Mudcat Café message #4094812 The Mudcat Café TM
Thread #169408   Message #4094812
Posted By: Lighter
25-Feb-21 - 11:49 AM
Thread Name: Review: Davis & Tozer 50 Sailors Songs or Chanties
Subject: RE: Review: Davis & Tozer 50 Sailors Songs or Chanties
I posted this to the "Lowlands Away" origin thread five years ago:

Here's an important and previously unpublished text.

On September 29, 1917, retired seaman James F. McGinnis, of Brooklyn, N.Y., sent the following text (with tune) to the collector Robert W. Gordon:


I dreamt a dream, the other night,
Lowlands, Lowlands, away, my John.
I dreamt a dream the other night
My Lowlands, away.


I dreamt I saw my own dear bride...

And she was dressed in shimmering white....

All dressed in white, like some fair bride....

And then she smiled her sweetest smile....

She sang and made my heart rejoice....

The salt sea weed was in her hair....

It filled my heart with dark despair....

And then I knew that she was dead....

Then I awoke to hear the cry....

"All hands on deck!", "Oh, Watch, Ahoy!"

McGinnis added, "P.S. This version I got from "P.G." and written as he sings it. It was sung mostly in ships running between Liverpool and Australian ports. He learned it [in] the early Eighties. I like it best of all the Lowland versions."

McGinnis sent Gordon a fair number of sea ballads but few shanties.

What makes this "Lowlands" especially interesting is its resemblance, in sentimental diction, to a good many lyrics in Harlow's "Chanteying" book. Harlow sailed in the late '70s.

Hugill's chantey versions essentially reflect the sensibility of the 1920s, when sentimentality was no longer thought "manly." But P.G.'s song, combined with Harlow and some others, concurs with many contemporary sources that sentimentality was an accepted feature of all Victorian pop culture.

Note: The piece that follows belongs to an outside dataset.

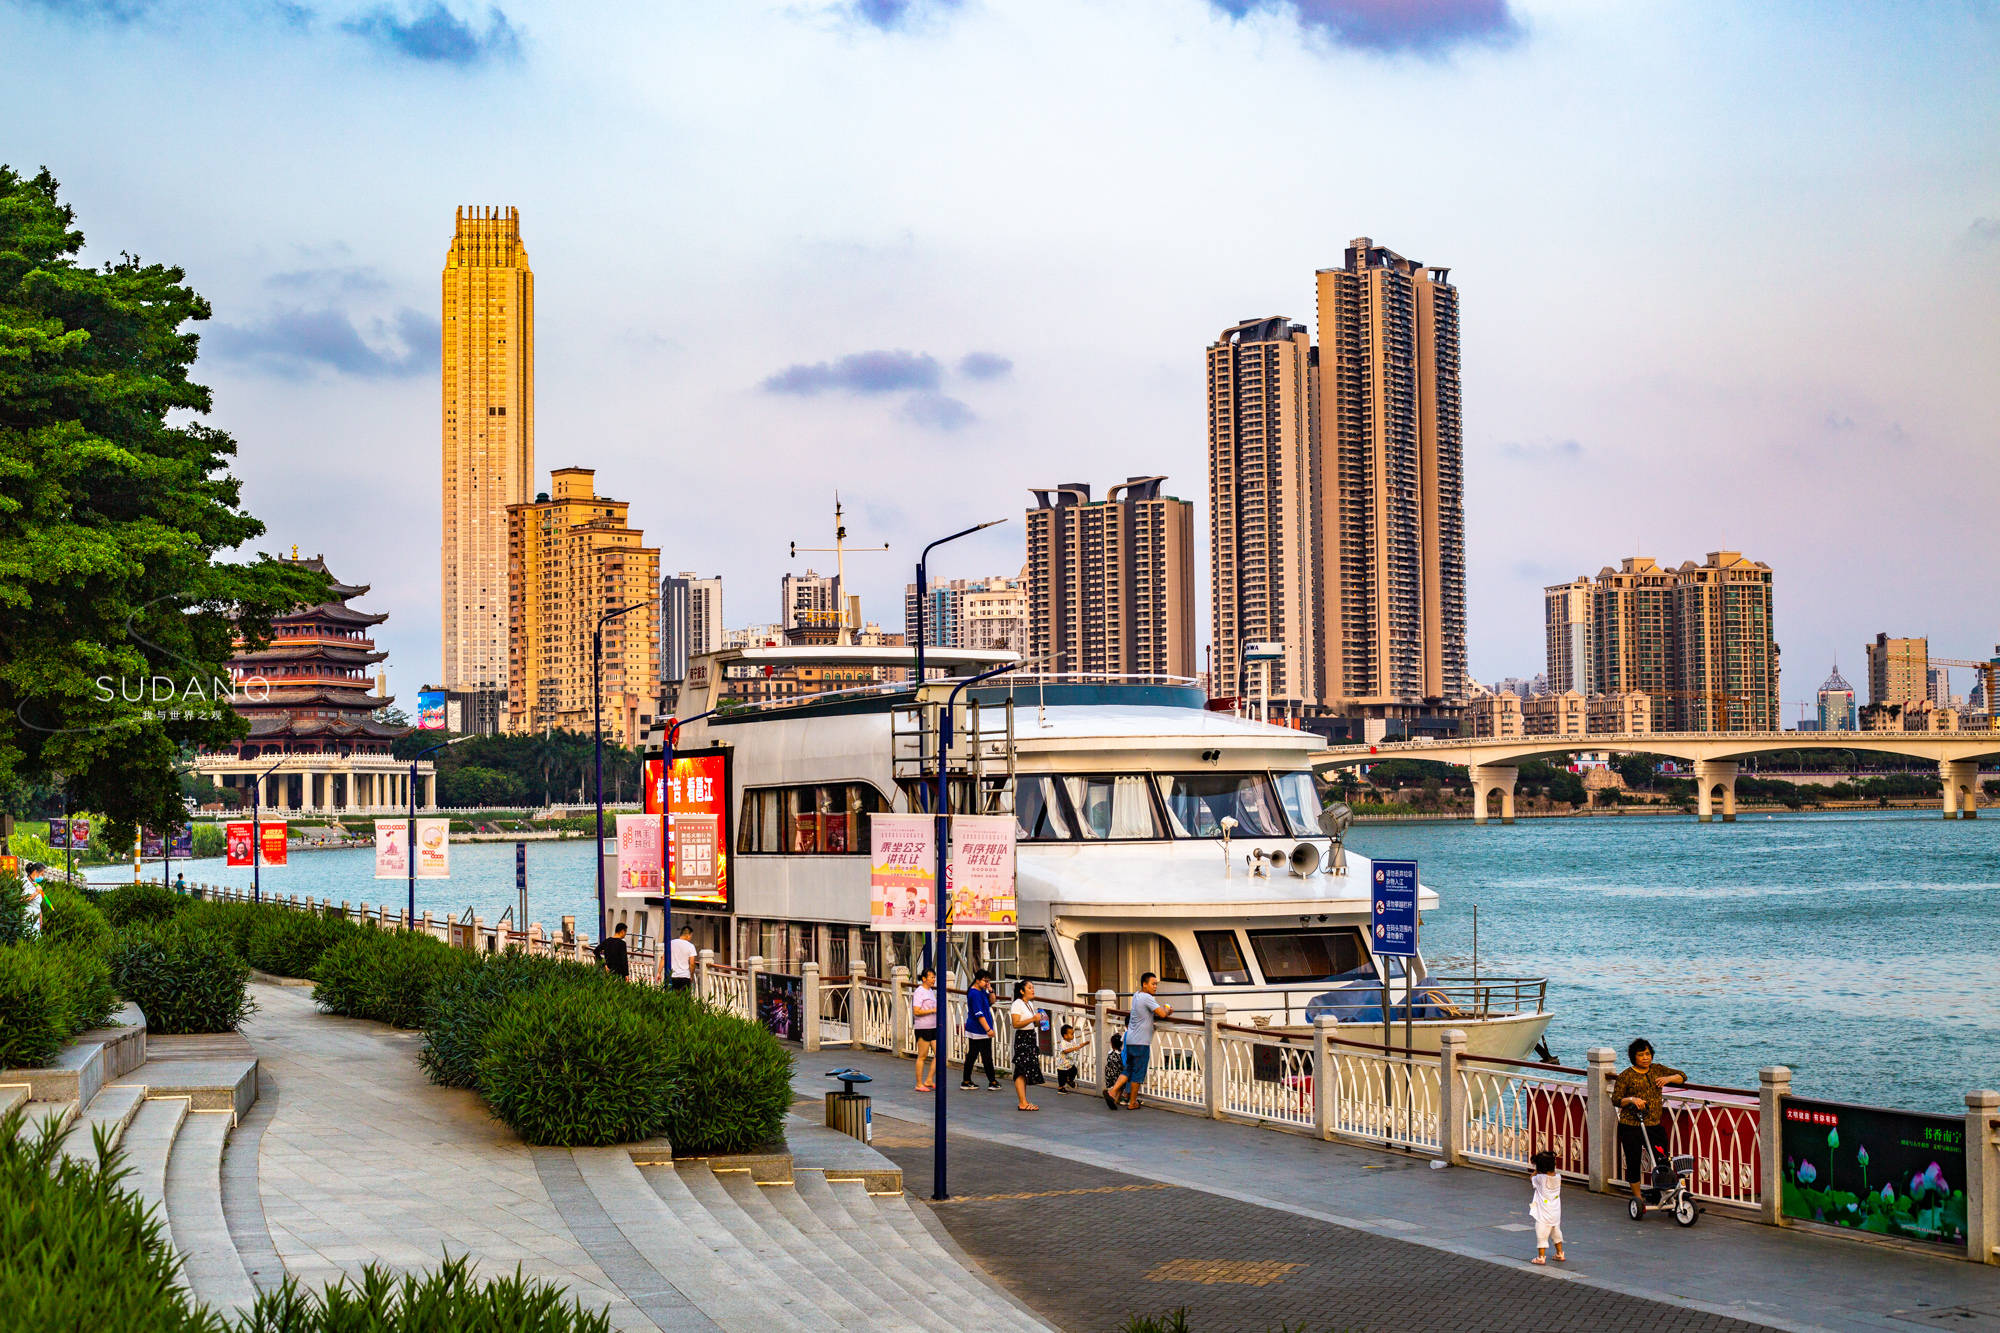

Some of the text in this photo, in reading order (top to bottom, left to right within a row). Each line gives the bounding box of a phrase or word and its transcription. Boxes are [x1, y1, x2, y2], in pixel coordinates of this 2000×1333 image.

Think Davis & Tozer. Indeed, P.G.'s lyrics resemble theirs, but are sufficiently different to show they aren't just a crib. His melody too differs a little.

So either D & T's "Lowlands" is fundamentally authentic, or it seemed perfectly acceptable to the chanteymen of the period.

Which in terms cultural acceptability amounts to almost the same thing.

(Recall that chanteyman Stanley Slade sang D & T's versions when he recorded for the BBC in the 1940s. Perhaps he thought they were good enough.)